Last week a I had an issue with Windows 7 Client PCs not able to update the group policy manually. Additionally I could not Search the directory for users, however Client's were able to authenticate and change their passwords.
I found out that the quickest way to troubleshoot a domain controller is using:
C:\> dcdiag /v
This command will test all of the connection protocols and settings configured in your Active Directory domain controller. In my configuration, there is only 1 AD controller, which is also the DNS server for my network. Although I had initially configured this DNS to be an "Active Directory Integrated" DNS Server, some how the DNS entries had been erased.
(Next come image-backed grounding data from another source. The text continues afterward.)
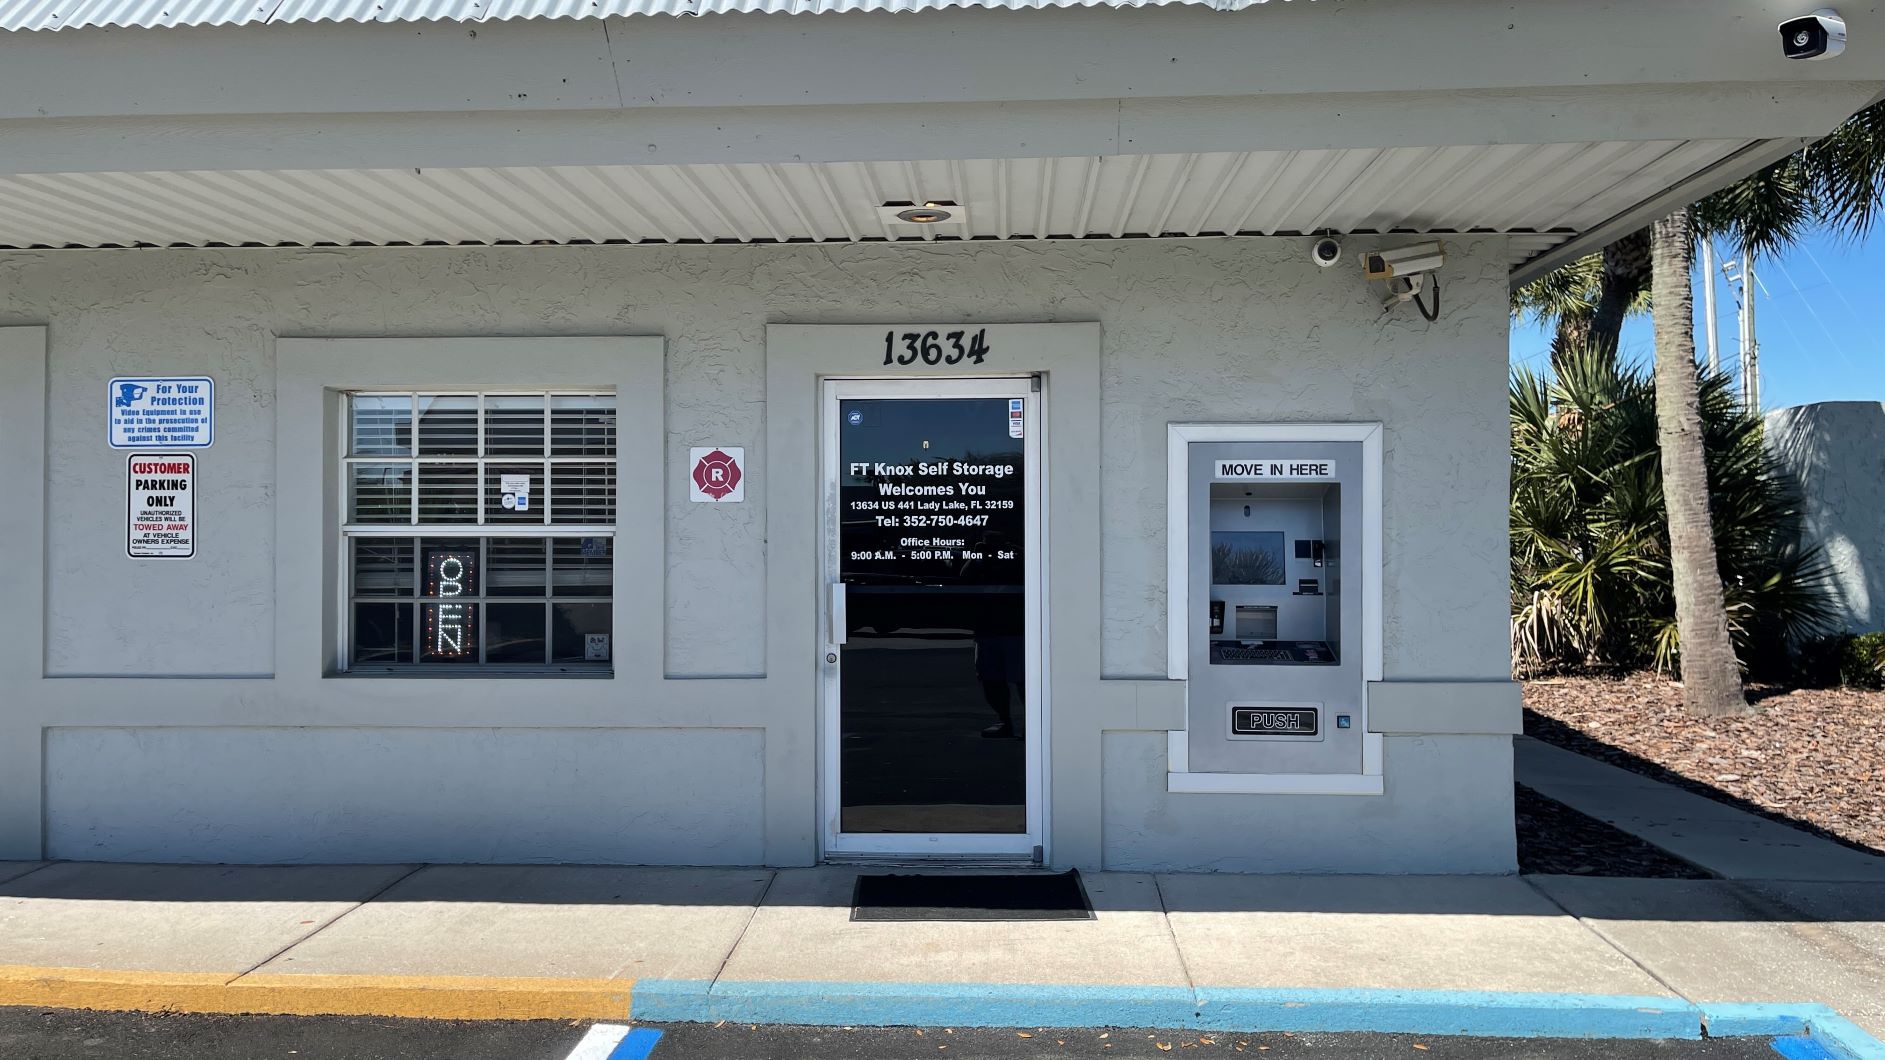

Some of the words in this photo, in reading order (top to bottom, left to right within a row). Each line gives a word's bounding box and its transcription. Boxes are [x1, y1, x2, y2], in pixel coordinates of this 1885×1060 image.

[883, 328, 990, 365] 13634
[157, 384, 172, 393] For
[177, 384, 198, 393] Your
[151, 396, 204, 406] Protection
[133, 463, 190, 474] CUSTOMER
[850, 463, 869, 475] FT
[874, 463, 913, 476] Knox
[918, 463, 948, 476] Self
[952, 463, 1013, 478] Storage
[1222, 464, 1263, 476] MOVE
[1270, 464, 1284, 475] IN
[1290, 464, 1328, 475] HERE
[712, 469, 723, 481] R
[136, 479, 187, 490] PARKING
[879, 483, 954, 496] Welcomes
[959, 483, 986, 495] You
[147, 496, 175, 507] ONLY
[918, 501, 940, 511] Lady
[943, 501, 968, 510] Lake,
[985, 501, 1013, 509] 32159
[876, 516, 899, 527] Tel:
[903, 515, 988, 527] 352-750-4647
[901, 538, 930, 546] Office
[933, 538, 964, 546] Hours:
[851, 552, 872, 560] 9:00
[875, 551, 896, 559] A.M.
[911, 551, 932, 559] 5:00
[935, 551, 953, 559] P.M.
[998, 551, 1014, 559] Sat
[438, 558, 463, 652] OPEN
[1250, 713, 1300, 729] PUSH
I am not sure if this would be the suggested fix, however I was able to repair my DNS entries so that the Clients could connect to the domain controller. From the Roles Management Snap-in I expanded the DNS Role, then expanded my primary server, and finally Right-Clicked the domain name that is having issues, and click "Properties".
At this point, you can designate your server Type to be a Primary DNS, Secondary DNS or Active Directory-Integrated. Mine was set to Active Directory-Integrated (like above) so I set it to Primary, clicked apply and then set it back to Active Directory Integrated and hit apply again. This did nothing.
Turns out I had to set the DNS type to "Primary", and then Restart the DNS service. This time it was able to notice the configuration change and rebuild all the "standard" Primary DNS entries. I then set it back to Active Directory Integrated, restarted DNS and all of my Active Directory DNS issues went away.